Databricks

Supported Databricks Runtime versions: 12.2 - 16.4

❗ Note: Databricks Serverless is not supported for this instrumentation. You may optionally use the DBT agent instead.

Compatibility matrix

Databricks Release	Spark Version	Scala Version	Definity Agent
16.4_LTS (scala 2.13)	3.5.2	2.13	3.5_2.13-latest
16.4_LTS (scala 2.12)	3.5.2	2.12	3.5_2.12-latest
15.4_LTS	3.5.0	2.12	3.5_2.12-latest
14.3_LTS	3.5.0	2.12	3.5_2.12-latest
13.3_LTS	3.4.1	2.12	3.4_2.12-latest
12.2_LTS	3.3.2	2.12	3.3_2.12-latest

Quick Setup

For standard Databricks setups, simply add an init script to your cluster. The default configuration will:

Track each cluster as a compute entity in Definity
Track each job running through the Jobs API as a pipeline in Definity
Track each task within a job as a task in Definity

1. Create an Init Script

Create an init script to automatically download and configure definity's Spark agent. The script will:

Automatically detect your Databricks Runtime version
Download the appropriate definity Spark agent for your Spark version
Configure definity plugin with default settings

databricks_definity_init.sh

#!/bin/bash

# ============================================================================
# Tested Databricks Runtimes: 12.2 LTS - 16.4 LTS (Spark 3.3 - 3.5)
# ============================================================================

# ============================================================================
# CONFIGURATION
# ============================================================================

# Optional: Set a specific agent version (e.g. "0.75.1")
# Leave empty to use the latest version
DEFINITY_AGENT_VERSION=""

# IMPORTANT: For production use, upload the agent JAR to your own
# artifact repository (Artifactory, Nexus, S3, etc.) and update this URL.
# The definity.run URL shown here is for demonstration purposes only.
# Example: "https://your-artifactory.company.com/repository/libs-release/definity-spark-agent"
ARTIFACT_BASE_URL="https://user:[email protected]/java"

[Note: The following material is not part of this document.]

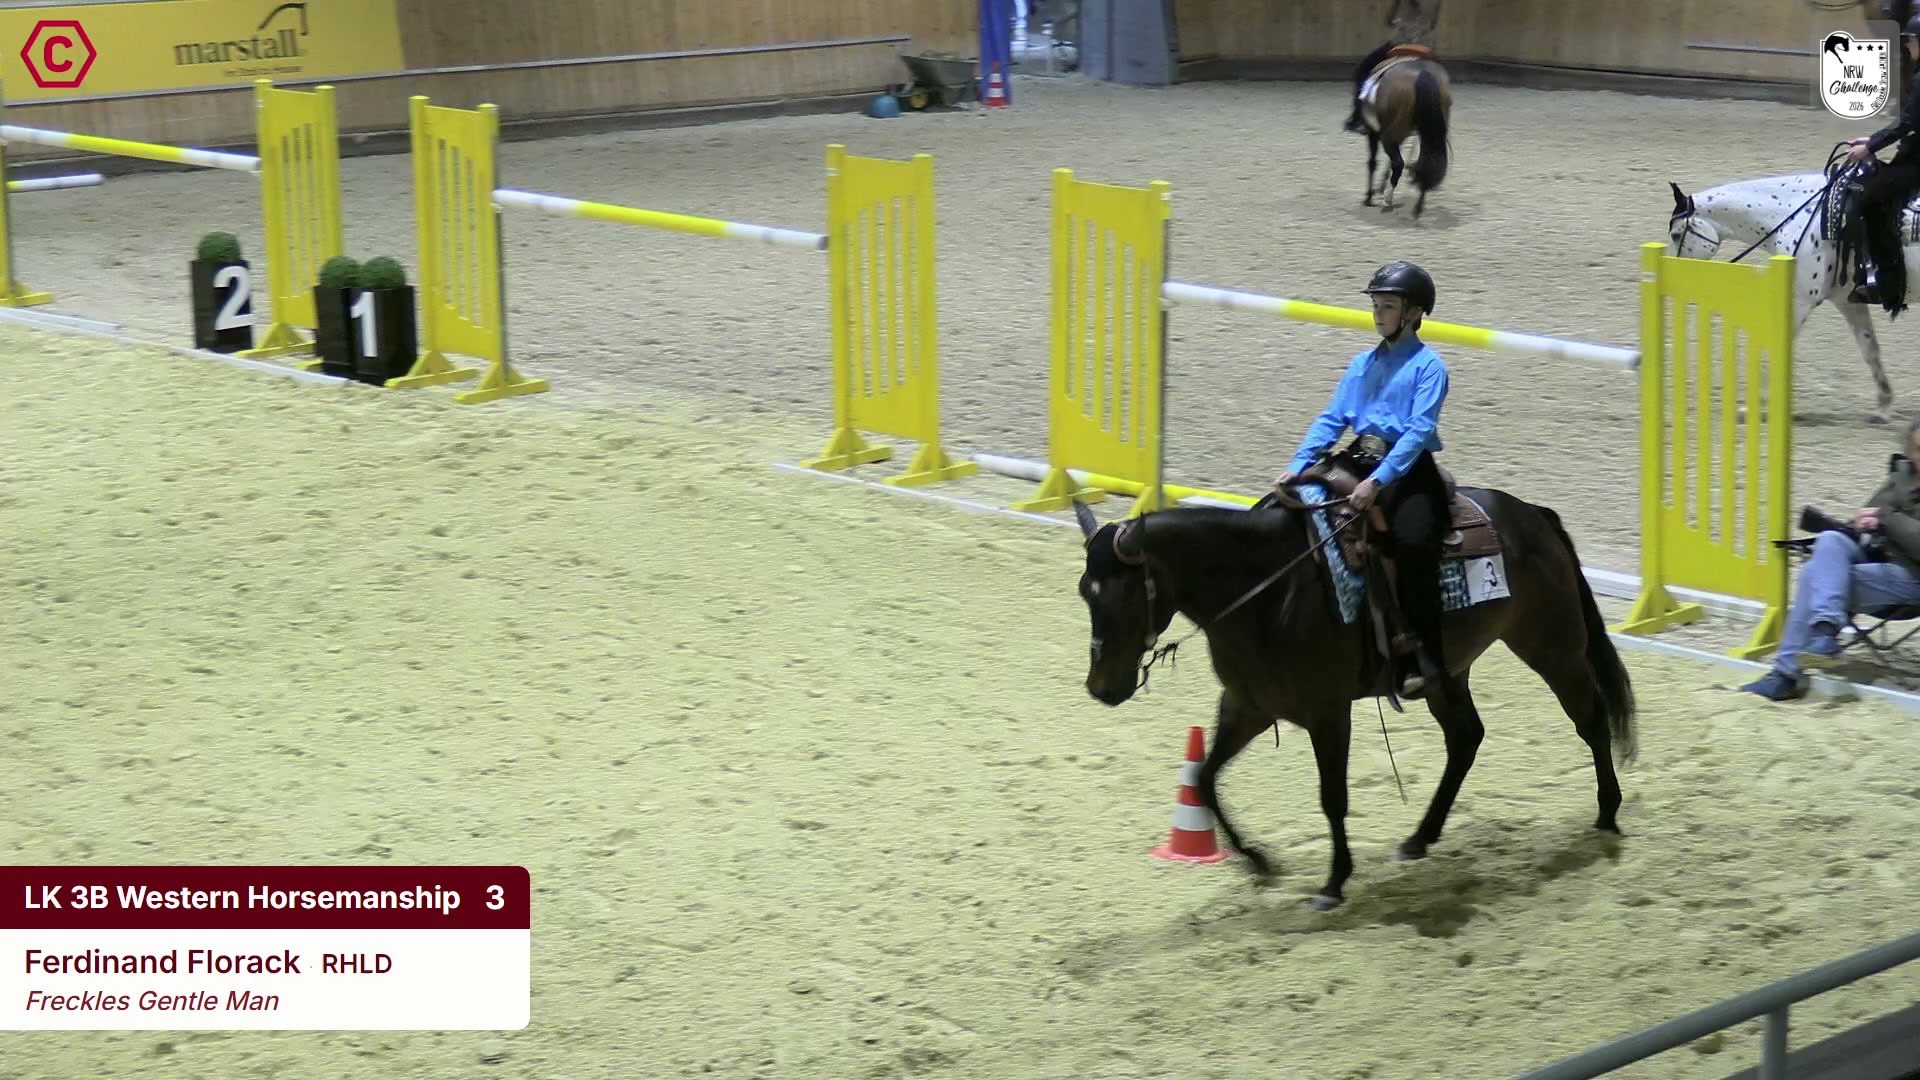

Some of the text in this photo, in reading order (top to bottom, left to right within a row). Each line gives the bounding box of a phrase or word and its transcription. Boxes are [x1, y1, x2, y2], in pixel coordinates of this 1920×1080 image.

# ============================================================================
# AUTO-DETECTION AND INSTALLATION
# ============================================================================

JAR_DIR="/databricks/jars"
mkdir -p "$JAR_DIR"

# Extract Spark version from /databricks/spark/VERSION
FULL_SPARK_VERSION=$(cat /databricks/spark/VERSION)
SPARK_VERSION=$(echo "$FULL_SPARK_VERSION" | grep -oE '^[0-9]+\.[0-9]+')
echo "Detected Spark version: $SPARK_VERSION"

if [ -z "$SPARK_VERSION" ]; then
    echo "Spark major.minor version is empty or not found. Will not proceed to install definity agent"
    exit 0
fi

# Extract Scala version from /databricks/IMAGE_KEY
DBR_VERSION=$(cat /databricks/IMAGE_KEY)
SCALA_VERSION=$(echo "$DBR_VERSION" | grep -oE 'scala([0-9]+\.[0-9]+)' | sed 's/scala//')
echo "Detected Scala version: $SCALA_VERSION"

if [ -z "$SCALA_VERSION" ]; then
    echo "Scala version is empty or not found. Will not proceed to install definity agent"
    exit 0
fi

# Build agent version string with Spark and Scala versions
SPARK_AGENT_VERSION="${SPARK_VERSION}_${SCALA_VERSION}"

# Build the full agent version string
if [ -z "$DEFINITY_AGENT_VERSION" ]; then
  # Use latest version
  FULL_AGENT_VERSION="${SPARK_AGENT_VERSION}-latest"
else
  # Use specific version
  FULL_AGENT_VERSION="${SPARK_AGENT_VERSION}-${DEFINITY_AGENT_VERSION}"
fi

# Download the agent
DEFINITY_JAR_URL="${ARTIFACT_BASE_URL}/definity-spark-agent-${FULL_AGENT_VERSION}.jar"
echo "Downloading Definity Spark Agent ${FULL_AGENT_VERSION} for Spark ${SPARK_VERSION} (Scala ${SCALA_VERSION})..."
curl -f -o $JAR_DIR/definity-spark-agent.jar $DEFINITY_JAR_URL

if [ $? -eq 0 ]; then
  echo "Successfully downloaded Definity Spark Agent"
else
  echo "Failed to download Definity Spark Agent from: $DEFINITY_JAR_URL"
  echo "Cluster will start without Definity agent"
  exit 0
fi

# Configure Definity plugin
cat > /databricks/driver/conf/00-definity.conf << EOF
spark.plugins=ai.definity.spark.plugin.DefinitySparkPlugin
spark.definity.server="https://app.definity.run"
spark.definity.api.token=YOUR_TOKEN
#spark.definity.env.name=YOUR_DEFAULT_ENV
EOF

echo "Definity Spark Agent configured successfully"

Production Deployment

For production use, upload the Definity agent JAR to your own artifact repository (Artifactory, Nexus, S3, etc.) and update the ARTIFACT_BASE_URL in the script. The definity.run URL is for demonstration purposes only.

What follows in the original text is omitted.